> PROBLEM DESCRIPTION
Please output the following records exactly. Leave every image out.

(Items from a data source)

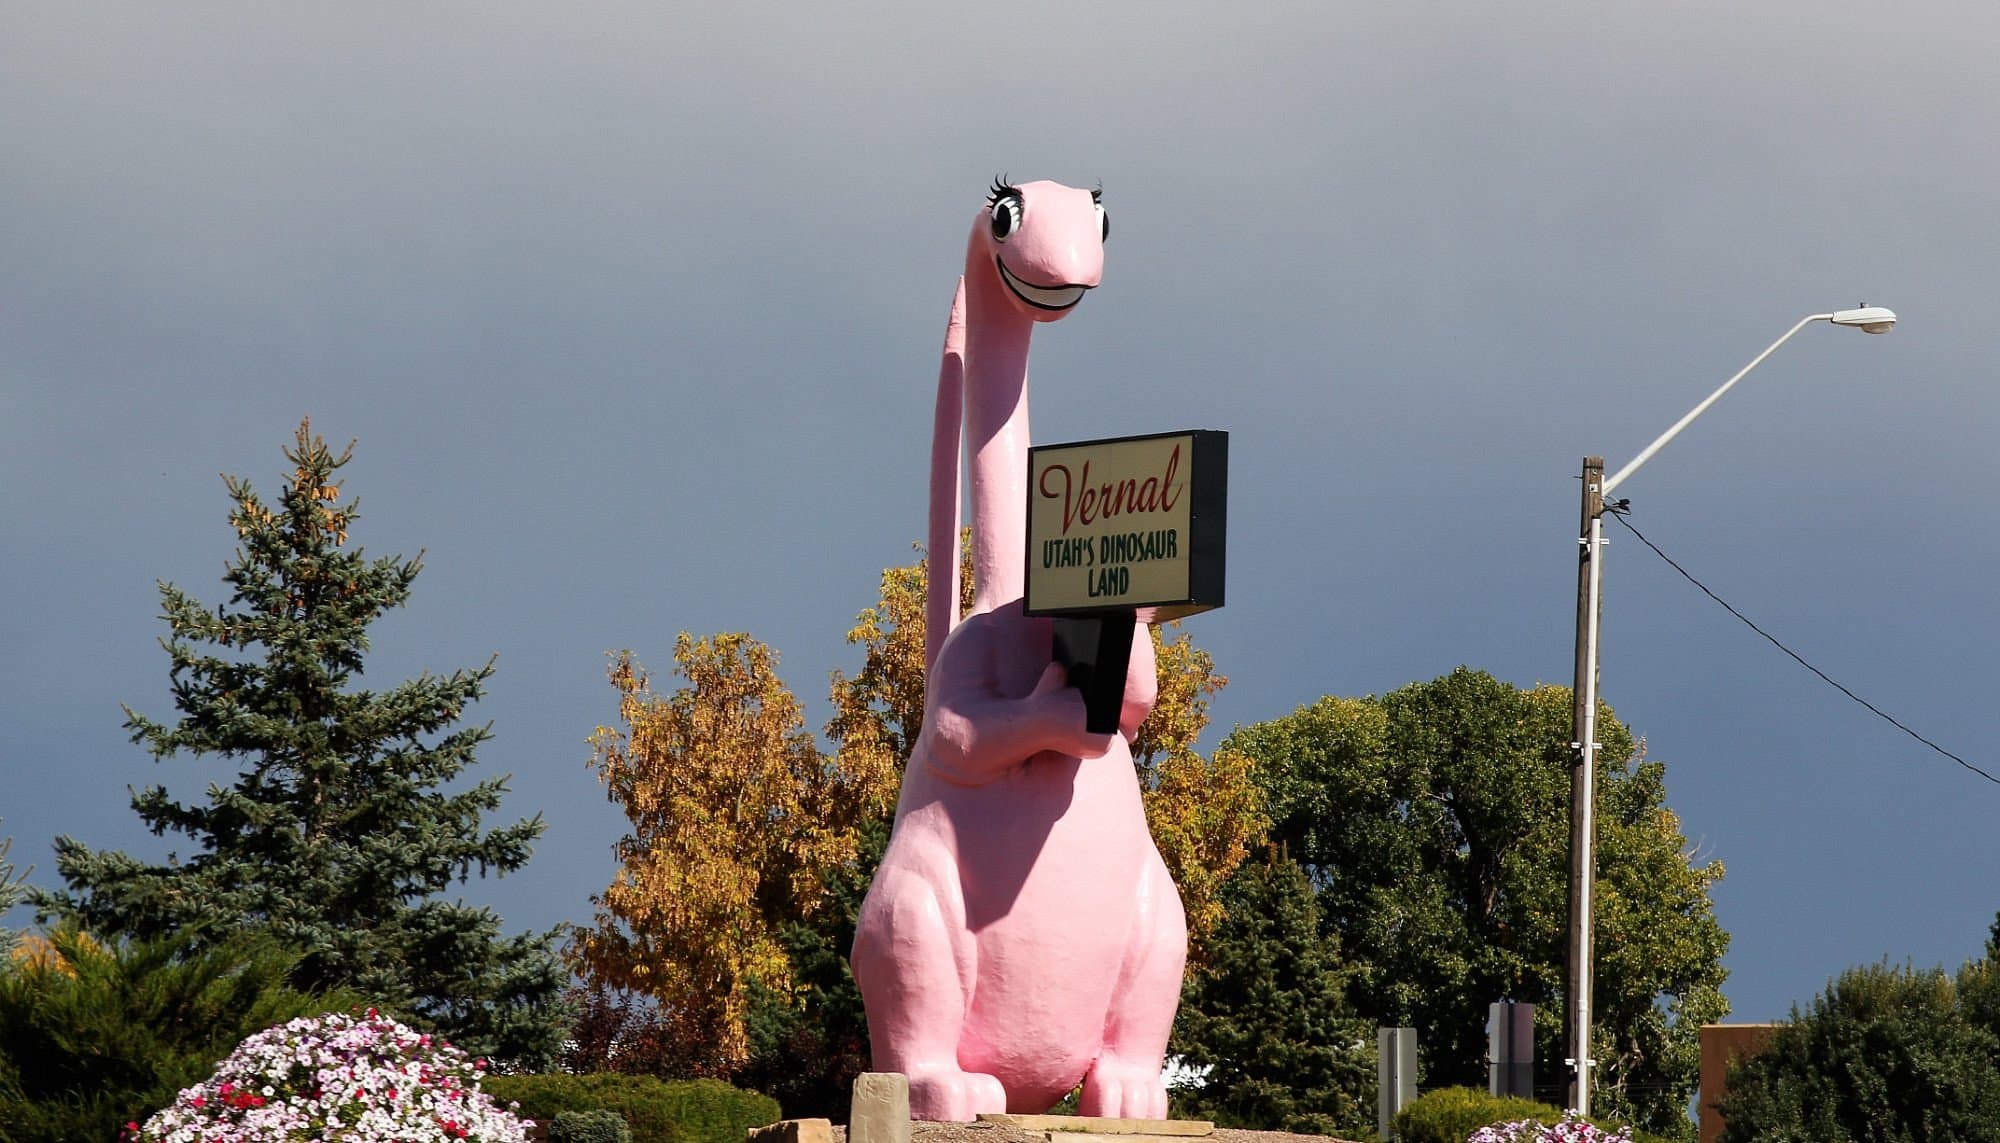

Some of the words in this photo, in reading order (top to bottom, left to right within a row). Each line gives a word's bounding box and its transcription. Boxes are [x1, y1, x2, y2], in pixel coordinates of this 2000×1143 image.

[1040, 443, 1183, 536] Vernal
[1043, 536, 1094, 568] UTAH'S
[1100, 529, 1177, 565] DINOSAUR
[1088, 566, 1129, 597] LAND

> SOLUTION
Some of the words in this photo, in reading order (top to bottom, left to right within a row). Each line gives a word's bounding box and its transcription. Boxes are [x1, y1, x2, y2], in pixel coordinates of this 2000×1143 image.

[1040, 443, 1183, 536] Vernal
[1043, 536, 1094, 568] UTAH'S
[1100, 529, 1177, 565] DINOSAUR
[1088, 566, 1129, 597] LAND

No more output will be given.